On Thu, Aug 29, 2024 at 6:32 AM Bharath Rupireddy
<bharath(dot)rupireddyforpostgres(at)gmail(dot)com> wrote:
> In synchronous replication setup, until standby finishes fetching WAL
> from the archive, the commits on the primary have to wait which can
> increase the query latency. If the standby can connect to the primary
> as soon as the broken connection is restored, it can fetch the WAL
> soon and transaction commits can continue on the primary. Is my
> understanding correct? Is there anything more to this?
>

Yup, if you're running with synchronous_commit = 'on' with
synchronous_replicas, then you can
have the replica continue streaming changes into pg_wal faster than
WAL replay so commits
may be unblocked faster.

> I talked to Michael Paquier at PGConf.Dev 2024 and got some concerns
> about this feature for dealing with changing timelines. I can't think
> of them right now.

I'm not sure what the risk would be if the WAL/history files we sync
from streaming is the same as
we replay from archive.

> And, there were some cautions raised upthread -
> https://www.postgresql.org/message-id/20240305020452.GA3373526%40nathanxps13
> and https://www.postgresql.org/message-id/ZffaQt7UbM2Q9kYh%40paquier.xyz.

Yup agreed. I need to understand this area a lot better before I can
do a more in-depth review.

> Interesting. Yes, the restore script has to be smarter to detect the
> broken connections and distinguish whether the server is performing
> just the archive recovery/PITR or streaming from standby. Not doing it
> right, perhaps, can cause data loss (?).
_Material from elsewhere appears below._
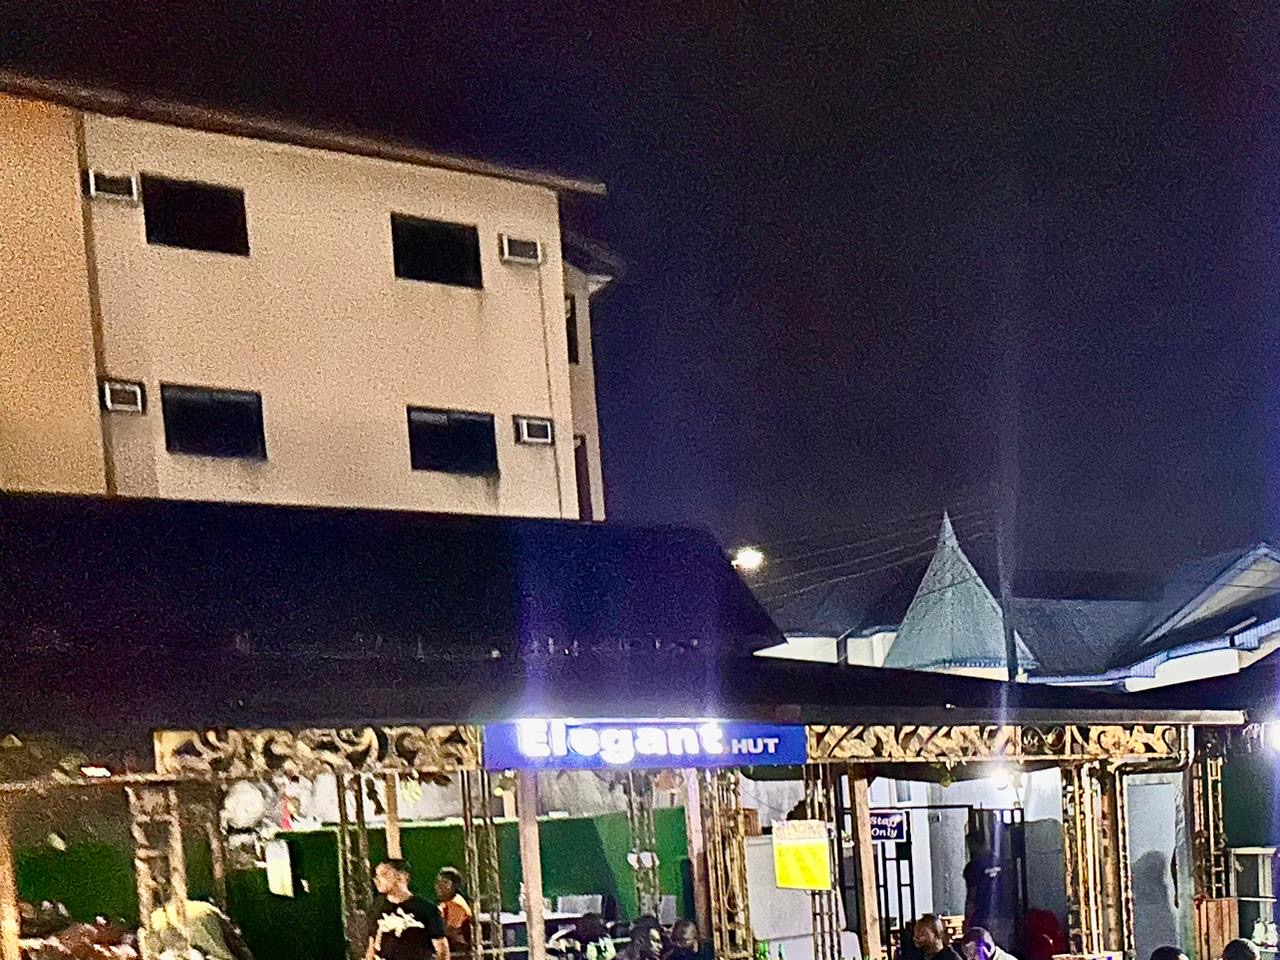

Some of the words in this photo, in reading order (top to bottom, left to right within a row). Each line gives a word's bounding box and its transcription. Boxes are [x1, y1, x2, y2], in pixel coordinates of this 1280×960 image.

[518, 718, 723, 764] Elegant
[731, 737, 779, 754] HUT
[871, 828, 898, 838] Only
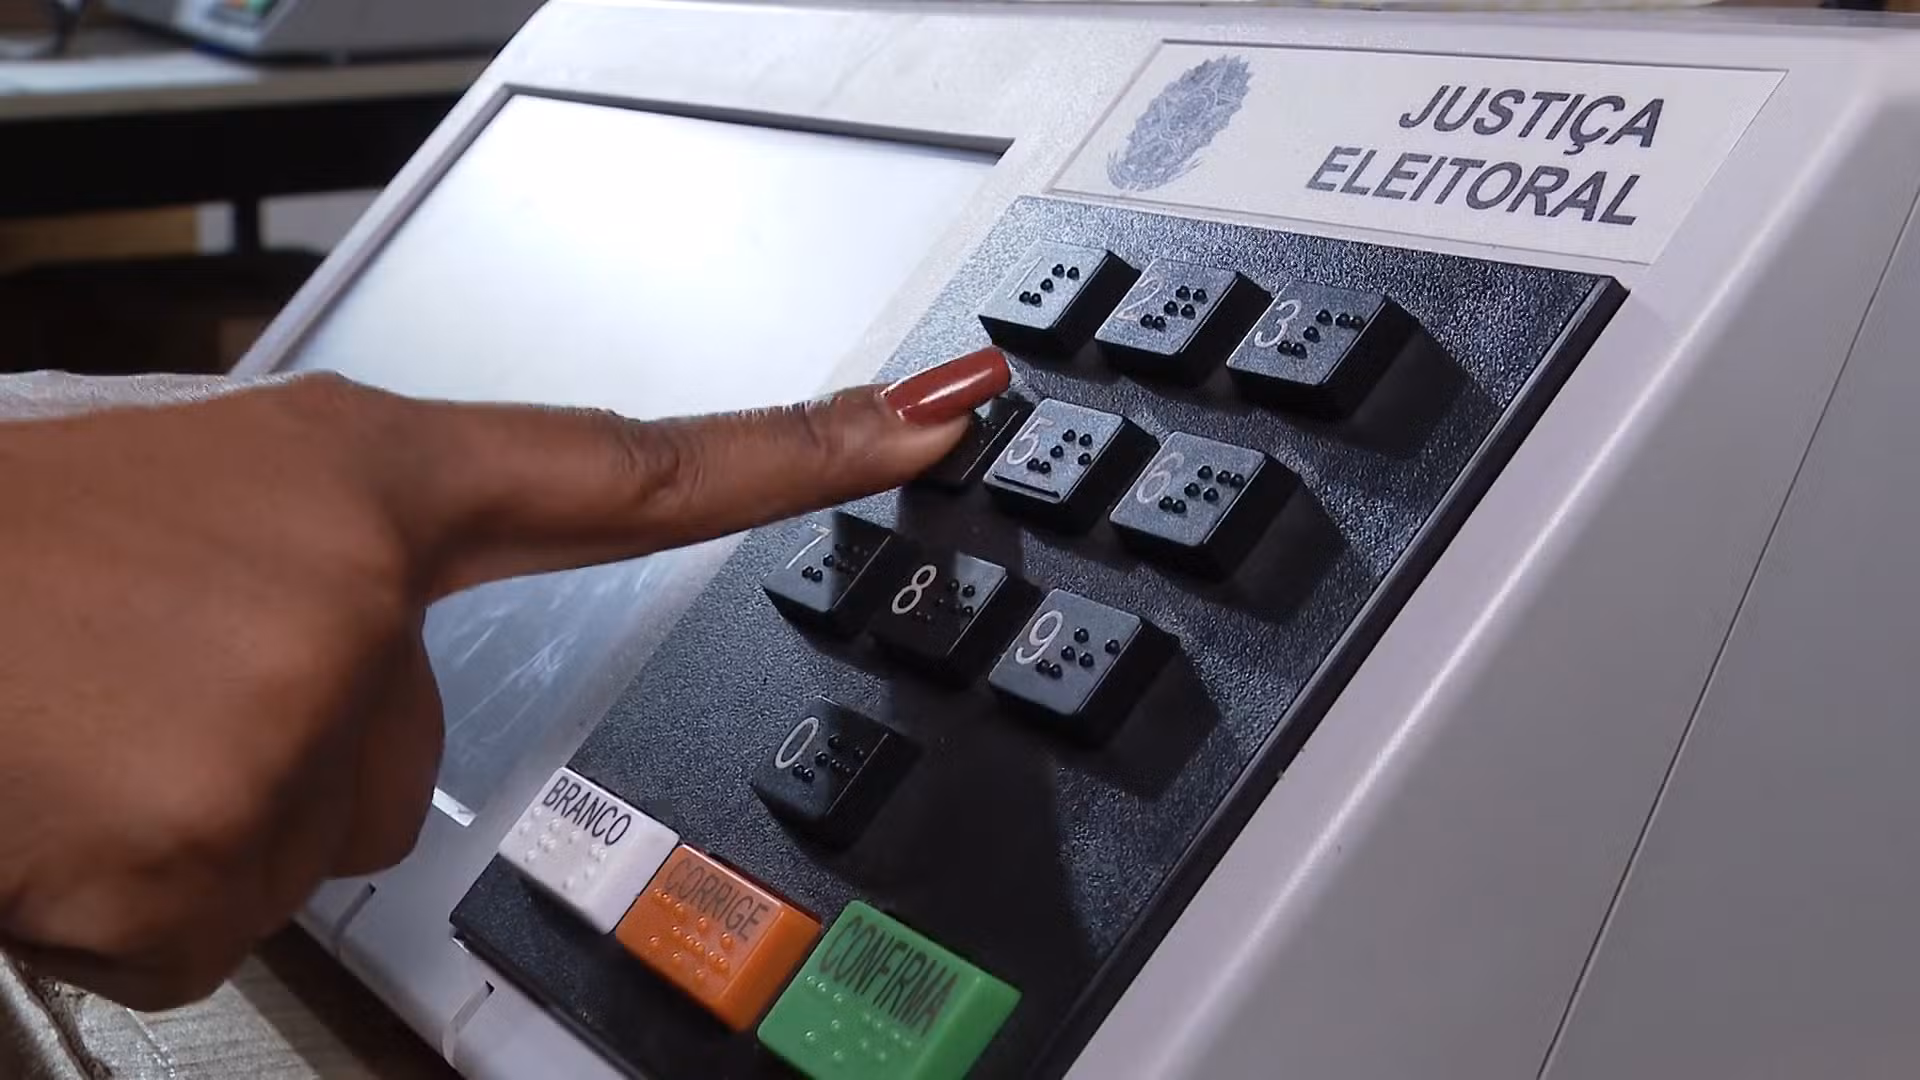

I don't think there would be data-loss, only replay is stuck/slows down.
It wouldn't be any different today if the restore-script returned a
non-zero exit status.
The end-user could configure their restore-script to return a non-zero
status, based on some
condition, to move to streaming.

> > > However,
> > > + * exhaust all the WAL present in pg_wal before switching. If successful,
> > > + * the state machine moves to XLOG_FROM_STREAM state, otherwise it falls
> > > + * back to XLOG_FROM_ARCHIVE state.
> >
> > I think I'm missing how this happens. Or what "successful" means. If I'm reading
> > it right, no matter what happens we will always move to
> > XLOG_FROM_STREAM based on how
> > the state machine works?
>
> Please have a look at some discussion upthread on exhausting pg_wal
> before switching -
> https://www.postgresql.org/message-id/20230119005014.GA3838170%40nathanxps13.
> Even today, the standby exhausts pg_wal before switching to streaming
> from the archive.
>

I'm getting caught on the word "successful". My rough understanding of
WaitForWALToBecomeAvailable is that once you're in XLOG_FROM_PG_WAL, if it was
unsuccessful for whatever reason, it will still transition to
XLOG_FROM_STREAMING.
It does not loop back to XLOG_FROM_ARCHIVE if XLOG_FROM_PG_WAL fails.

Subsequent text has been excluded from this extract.